*Your instructions*.
Could you print the full listing below, keeping each line identical?

*Material provided*.
++++++++

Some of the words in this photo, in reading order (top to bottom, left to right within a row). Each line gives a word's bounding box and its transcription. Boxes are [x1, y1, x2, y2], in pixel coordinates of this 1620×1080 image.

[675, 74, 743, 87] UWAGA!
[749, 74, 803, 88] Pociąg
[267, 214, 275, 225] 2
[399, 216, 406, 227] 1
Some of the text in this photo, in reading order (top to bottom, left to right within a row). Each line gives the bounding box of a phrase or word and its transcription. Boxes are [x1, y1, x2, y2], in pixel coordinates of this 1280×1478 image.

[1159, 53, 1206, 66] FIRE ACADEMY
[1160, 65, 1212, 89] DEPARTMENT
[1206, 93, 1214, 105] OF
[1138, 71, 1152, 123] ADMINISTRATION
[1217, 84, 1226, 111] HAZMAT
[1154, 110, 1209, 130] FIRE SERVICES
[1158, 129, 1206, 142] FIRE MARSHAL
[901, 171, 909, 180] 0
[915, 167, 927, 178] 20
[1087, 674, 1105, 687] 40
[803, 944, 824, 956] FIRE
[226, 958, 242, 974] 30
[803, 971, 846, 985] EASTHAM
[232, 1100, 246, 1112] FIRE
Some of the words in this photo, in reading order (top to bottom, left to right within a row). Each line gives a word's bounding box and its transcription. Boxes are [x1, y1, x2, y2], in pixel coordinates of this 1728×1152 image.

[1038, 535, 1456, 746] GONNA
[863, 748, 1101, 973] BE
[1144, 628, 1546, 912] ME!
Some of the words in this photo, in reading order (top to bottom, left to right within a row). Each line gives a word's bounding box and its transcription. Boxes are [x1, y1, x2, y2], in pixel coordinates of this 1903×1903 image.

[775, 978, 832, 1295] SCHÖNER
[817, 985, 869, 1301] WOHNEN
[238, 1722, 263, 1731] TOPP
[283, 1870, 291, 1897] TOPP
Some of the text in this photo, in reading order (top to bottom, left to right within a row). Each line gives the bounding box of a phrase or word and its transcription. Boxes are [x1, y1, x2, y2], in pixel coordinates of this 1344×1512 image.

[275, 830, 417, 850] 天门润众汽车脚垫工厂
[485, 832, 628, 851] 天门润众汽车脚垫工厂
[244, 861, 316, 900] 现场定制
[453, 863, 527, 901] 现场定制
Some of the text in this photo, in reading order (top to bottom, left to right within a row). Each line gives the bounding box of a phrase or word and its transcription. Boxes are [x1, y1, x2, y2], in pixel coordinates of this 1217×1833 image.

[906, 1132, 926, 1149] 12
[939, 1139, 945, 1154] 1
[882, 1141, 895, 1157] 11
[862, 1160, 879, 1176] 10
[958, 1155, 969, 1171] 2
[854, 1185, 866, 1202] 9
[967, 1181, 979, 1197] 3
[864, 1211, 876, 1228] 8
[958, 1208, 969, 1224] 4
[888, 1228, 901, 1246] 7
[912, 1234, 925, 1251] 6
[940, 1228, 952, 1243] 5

++++++++

*Your response*.
Some of the words in this photo, in reading order (top to bottom, left to right within a row). Each line gives a word's bounding box and its transcription. Boxes are [x1, y1, x2, y2], in pixel coordinates of this 1620×1080 image.

[675, 74, 743, 87] UWAGA!
[749, 74, 803, 88] Pociąg
[267, 214, 275, 225] 2
[399, 216, 406, 227] 1
Some of the text in this photo, in reading order (top to bottom, left to right within a row). Each line gives the bounding box of a phrase or word and its transcription. Boxes are [x1, y1, x2, y2], in pixel coordinates of this 1280×1478 image.

[1159, 53, 1206, 66] FIRE ACADEMY
[1160, 65, 1212, 89] DEPARTMENT
[1206, 93, 1214, 105] OF
[1138, 71, 1152, 123] ADMINISTRATION
[1217, 84, 1226, 111] HAZMAT
[1154, 110, 1209, 130] FIRE SERVICES
[1158, 129, 1206, 142] FIRE MARSHAL
[901, 171, 909, 180] 0
[915, 167, 927, 178] 20
[1087, 674, 1105, 687] 40
[803, 944, 824, 956] FIRE
[226, 958, 242, 974] 30
[803, 971, 846, 985] EASTHAM
[232, 1100, 246, 1112] FIRE
Some of the words in this photo, in reading order (top to bottom, left to right within a row). Each line gives a word's bounding box and its transcription. Boxes are [x1, y1, x2, y2], in pixel coordinates of this 1728×1152 image.

[1038, 535, 1456, 746] GONNA
[863, 748, 1101, 973] BE
[1144, 628, 1546, 912] ME!
Some of the words in this photo, in reading order (top to bottom, left to right within a row). Each line gives a word's bounding box and its transcription. Boxes are [x1, y1, x2, y2], in pixel coordinates of this 1903×1903 image.

[775, 978, 832, 1295] SCHÖNER
[817, 985, 869, 1301] WOHNEN
[238, 1722, 263, 1731] TOPP
[283, 1870, 291, 1897] TOPP
Some of the text in this photo, in reading order (top to bottom, left to right within a row). Each line gives the bounding box of a phrase or word and its transcription. Boxes are [x1, y1, x2, y2], in pixel coordinates of this 1344×1512 image.

[275, 830, 417, 850] 天门润众汽车脚垫工厂
[485, 832, 628, 851] 天门润众汽车脚垫工厂
[244, 861, 316, 900] 现场定制
[453, 863, 527, 901] 现场定制
Some of the text in this photo, in reading order (top to bottom, left to right within a row). Each line gives the bounding box of a phrase or word and its transcription. Boxes are [x1, y1, x2, y2], in pixel coordinates of this 1217×1833 image.

[906, 1132, 926, 1149] 12
[939, 1139, 945, 1154] 1
[882, 1141, 895, 1157] 11
[862, 1160, 879, 1176] 10
[958, 1155, 969, 1171] 2
[854, 1185, 866, 1202] 9
[967, 1181, 979, 1197] 3
[864, 1211, 876, 1228] 8
[958, 1208, 969, 1224] 4
[888, 1228, 901, 1246] 7
[912, 1234, 925, 1251] 6
[940, 1228, 952, 1243] 5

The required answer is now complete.